La talpa

esercitazioni anti-qualcosa

Tra terrorismi, guerre batteriologiche da polli e generale voler sfoggiare una preparazione che forse non è poi così pronta ci stiamo abituando a esercizationi anti qualcosa di brutto che si trasformano in giochi di simulazione sparsi per le città, condensati intorno a stazioni ferroviarie o lungo vie del centro, o dentro le mura di qualche centro infezioni.

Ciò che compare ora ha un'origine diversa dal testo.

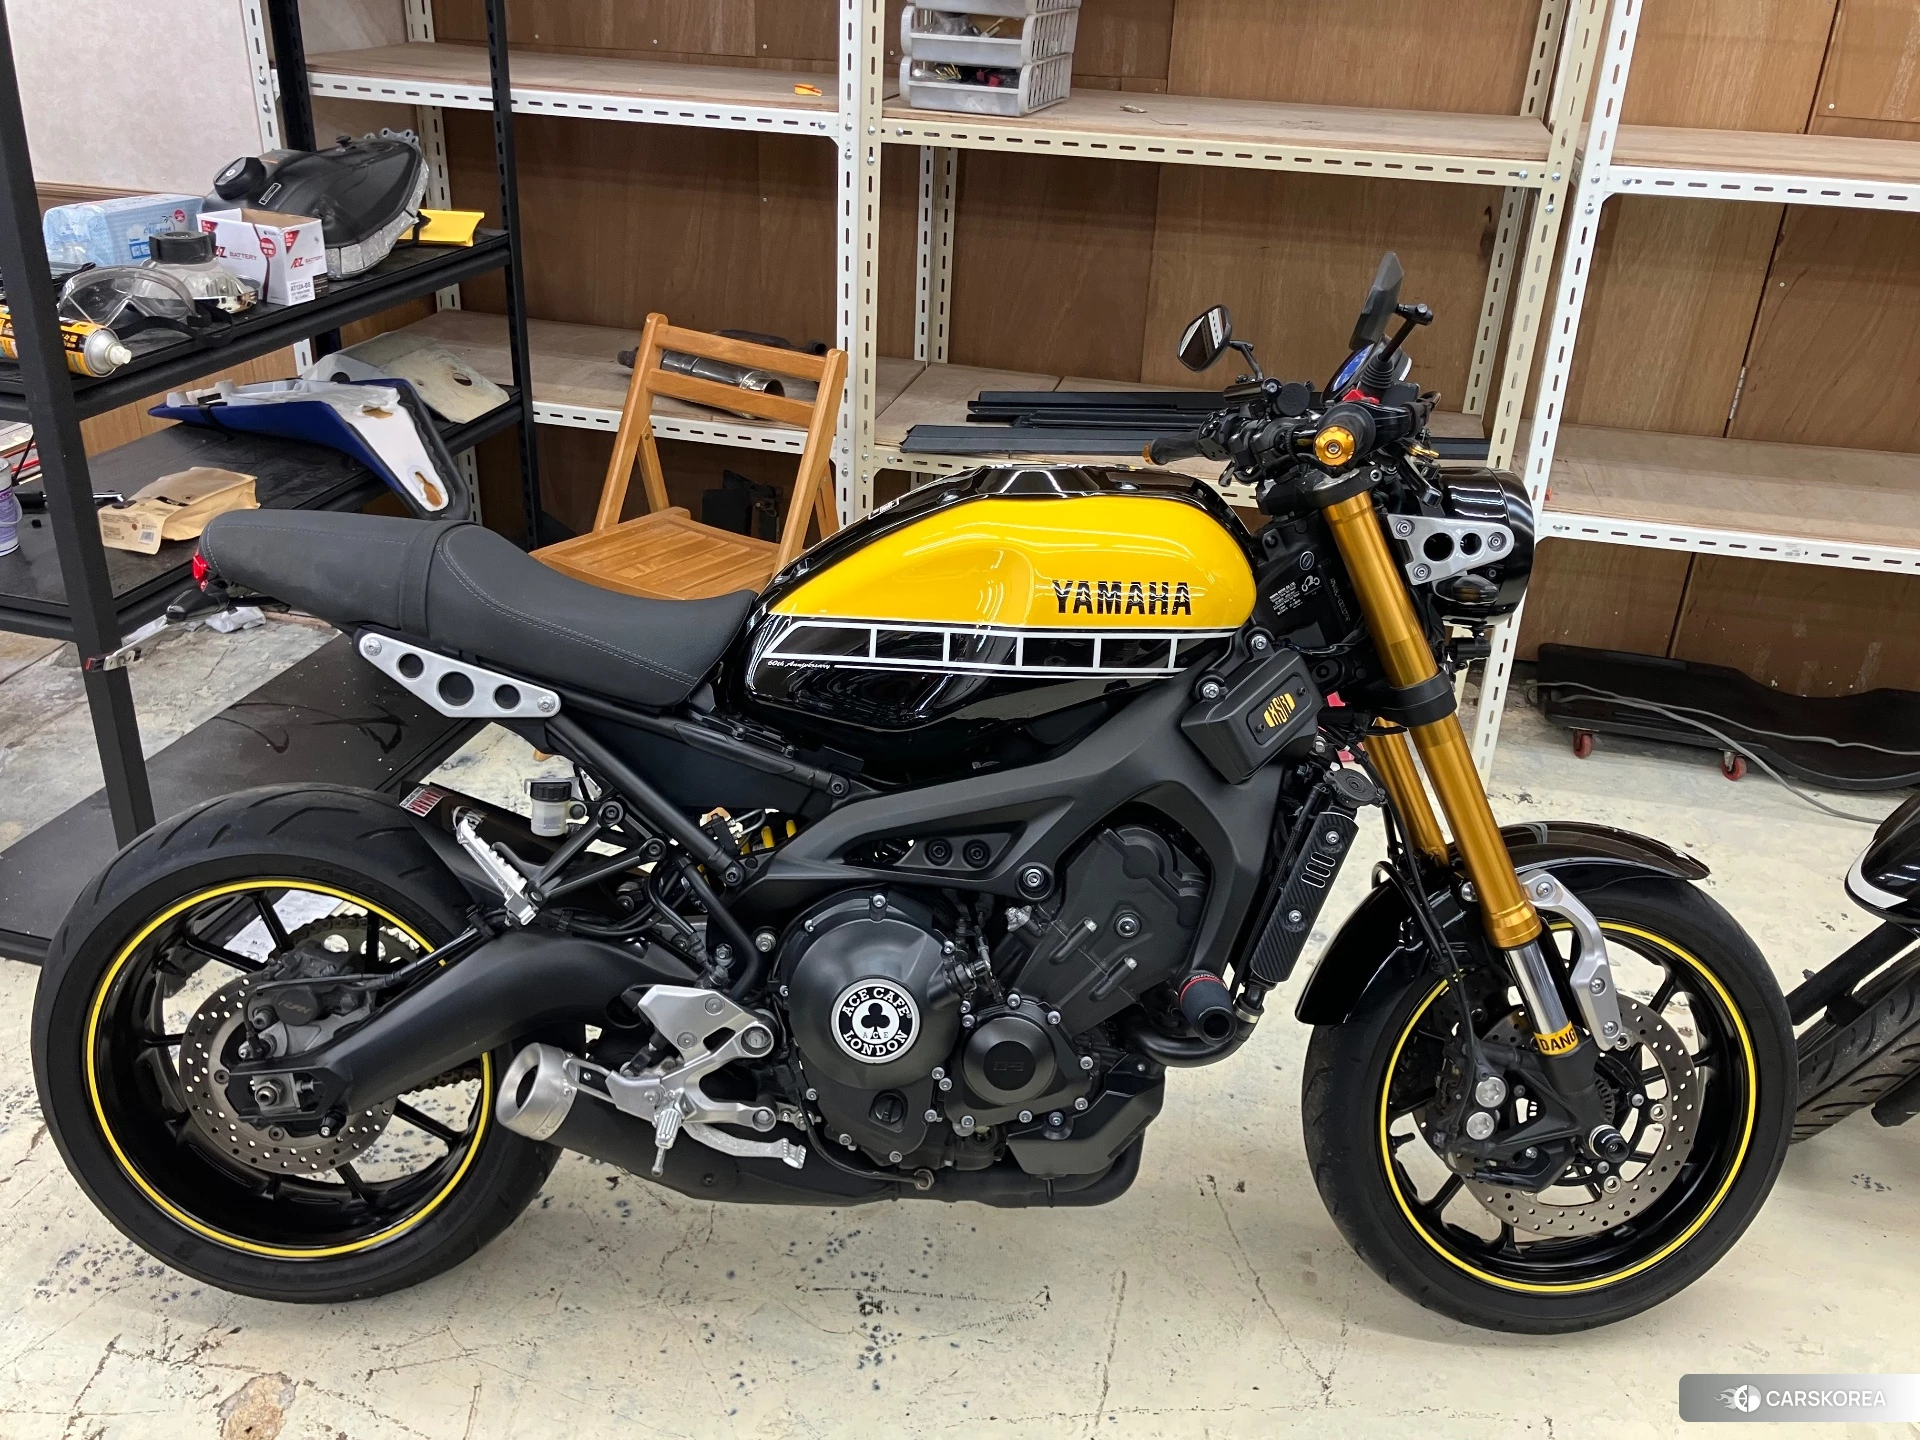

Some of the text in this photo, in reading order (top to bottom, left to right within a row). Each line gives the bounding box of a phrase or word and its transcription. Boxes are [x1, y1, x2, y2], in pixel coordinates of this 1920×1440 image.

[230, 251, 257, 260] BATTERY
[1052, 580, 1192, 616] YAMAHA
[1267, 695, 1292, 726] XSR
[842, 987, 910, 1018] ACE CAFE
[843, 1029, 908, 1056] LONDON

Oggi ne ho vissuta una per me davvero insolita, presso l'aeroporto militare dove mi trovo, temporaneamente, per lavoro. No, non mi sono arruolato però a volte il mio lavoro mi porta a vedere situazioni un po' più insolite e questo mi piace. Bene, oggi e domani qui ci sono le 48 ore di esercitazione anti-qualcosa, così si può godere di alcune chicche spettacolari come i fogli di carta con su scritto a mano "vetro oscurato" appesi con lo scotch a tutte le finestre degli edifici e non si capisce bene se è un elemento per aiutare la gente a calarsi nella parte o una indicazione che quella particolare finestra non bisogna aprirla. Non mi è chiaro quale fosse il nemico della giornata, forse un potenziale attacco aereo o forse l'ipotesi che degli improbabili nemici scavassero dei tunnel dal medio oriente fin dentro gli edifici della base infatti ci hanno obbligati a utilizzare tutti sempre e solo una porta di ogni hangar e farci registrare a ogni ingresso e ogni uscita poichè la consegna era: tutti fuori quando c'è l'allarme.

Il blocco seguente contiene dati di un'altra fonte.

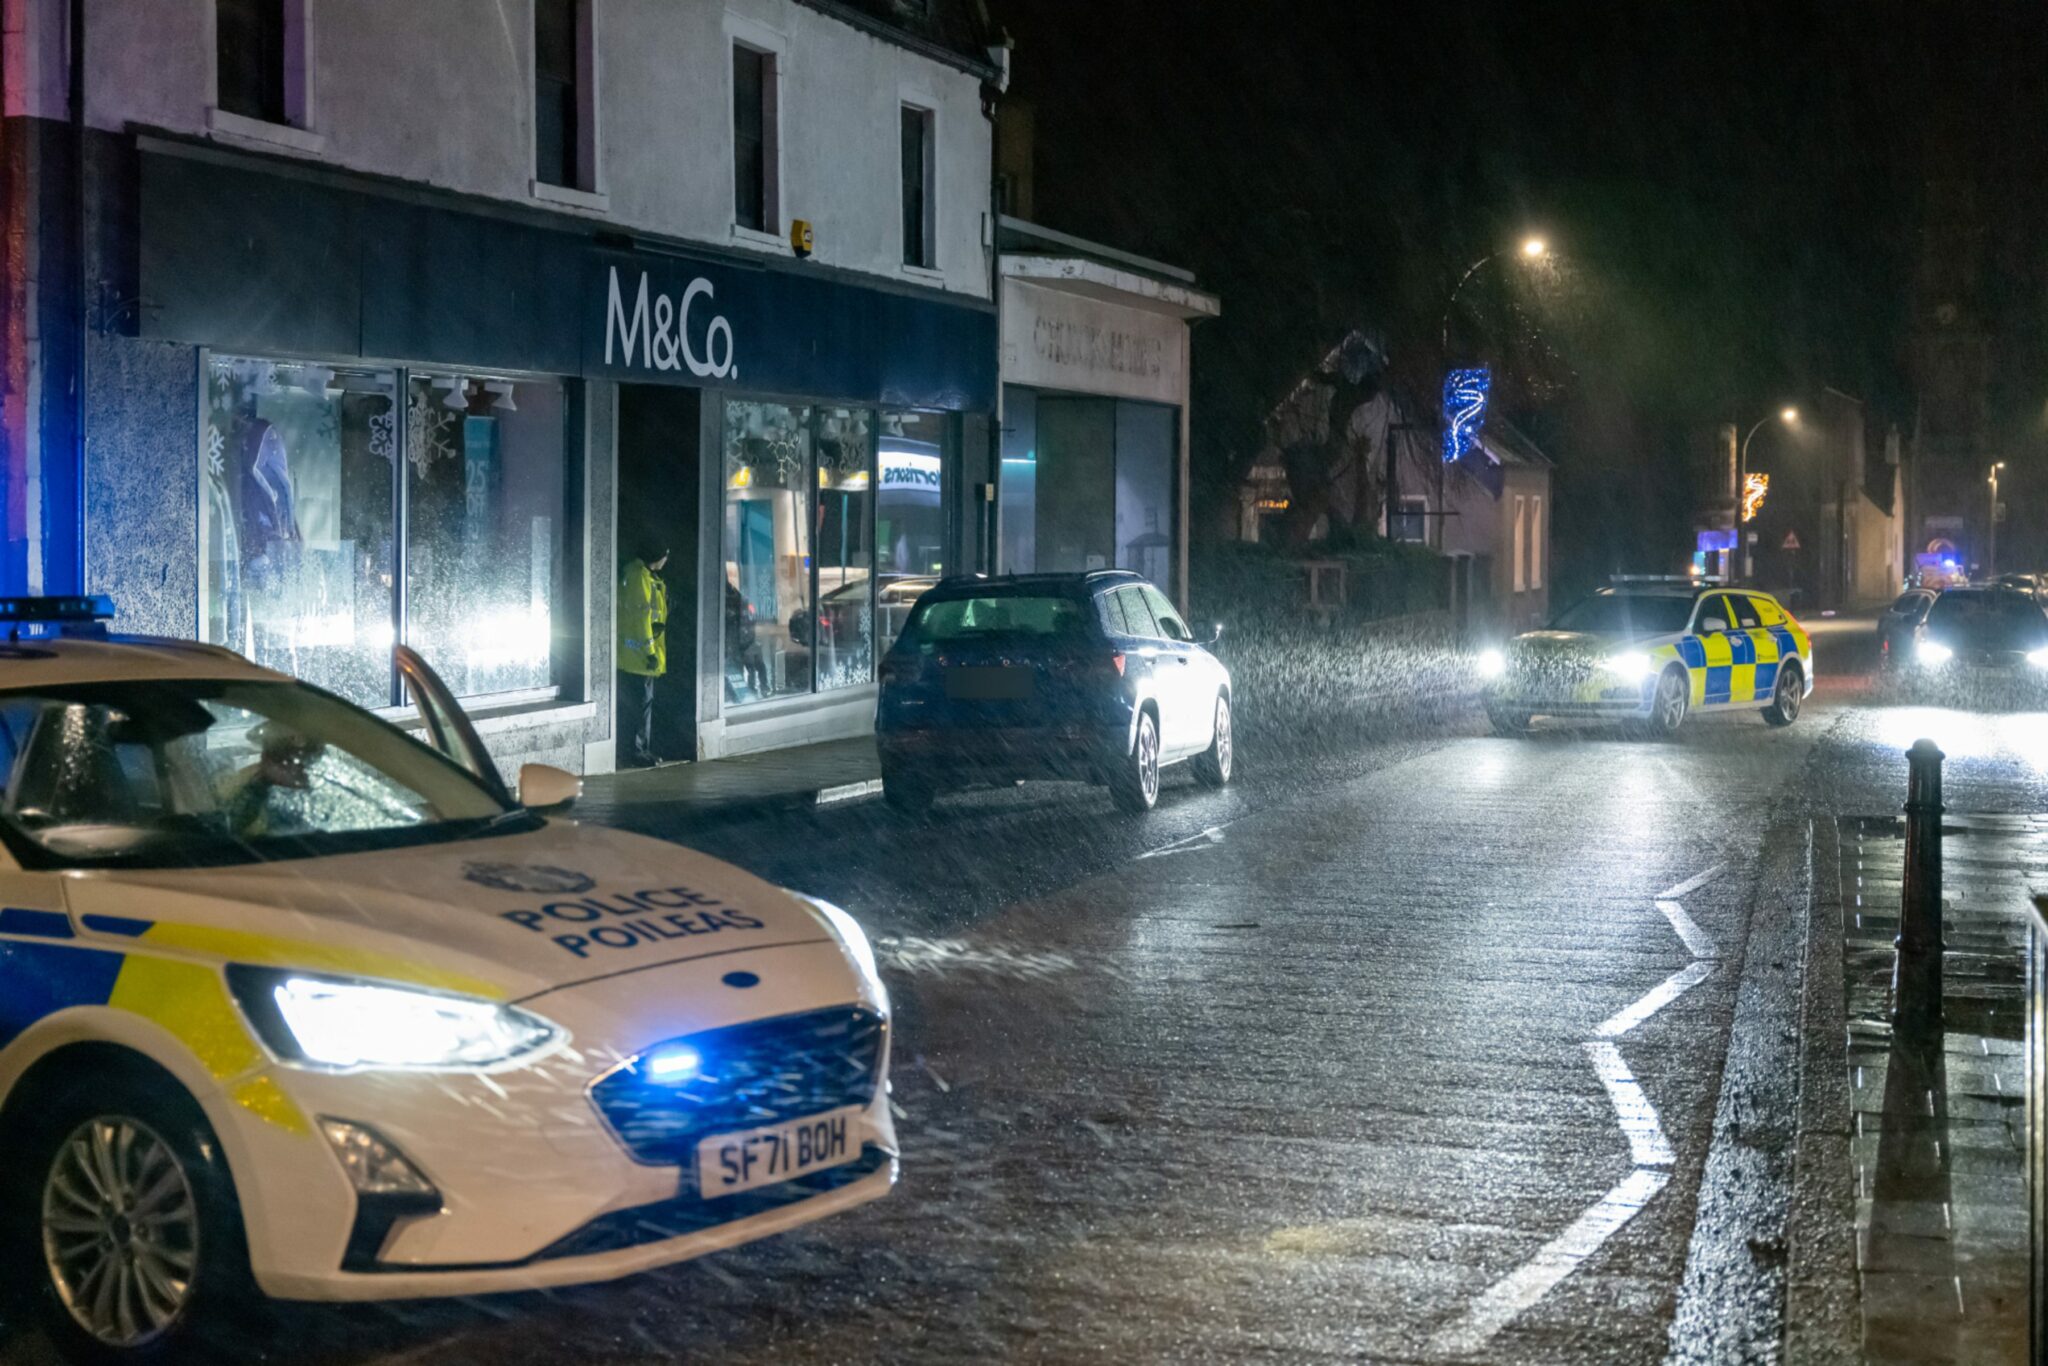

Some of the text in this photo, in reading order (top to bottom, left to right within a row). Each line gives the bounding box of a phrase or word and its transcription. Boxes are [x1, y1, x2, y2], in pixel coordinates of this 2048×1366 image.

[604, 265, 738, 380] M&Co.
[501, 887, 722, 932] POLICE
[551, 909, 765, 958] POILEAS
[719, 1116, 846, 1185] SF71 BOH

Ora, se si trattasse di un qualche tipo di attacco dall'aria radunarsi tutti quanti fuori dall'hangar in un bel mucchio di persone perfettamente visibili sulla spianata di cemento del piazzale non mi pare, così a intuito, molto sicuro. Certo non penso che si aspettassero attacchi via terra e tanto meno via mare. Resta la pericolosa talpa kamikaze che scava i tunnel e spunta dalle ceramiche della toilette.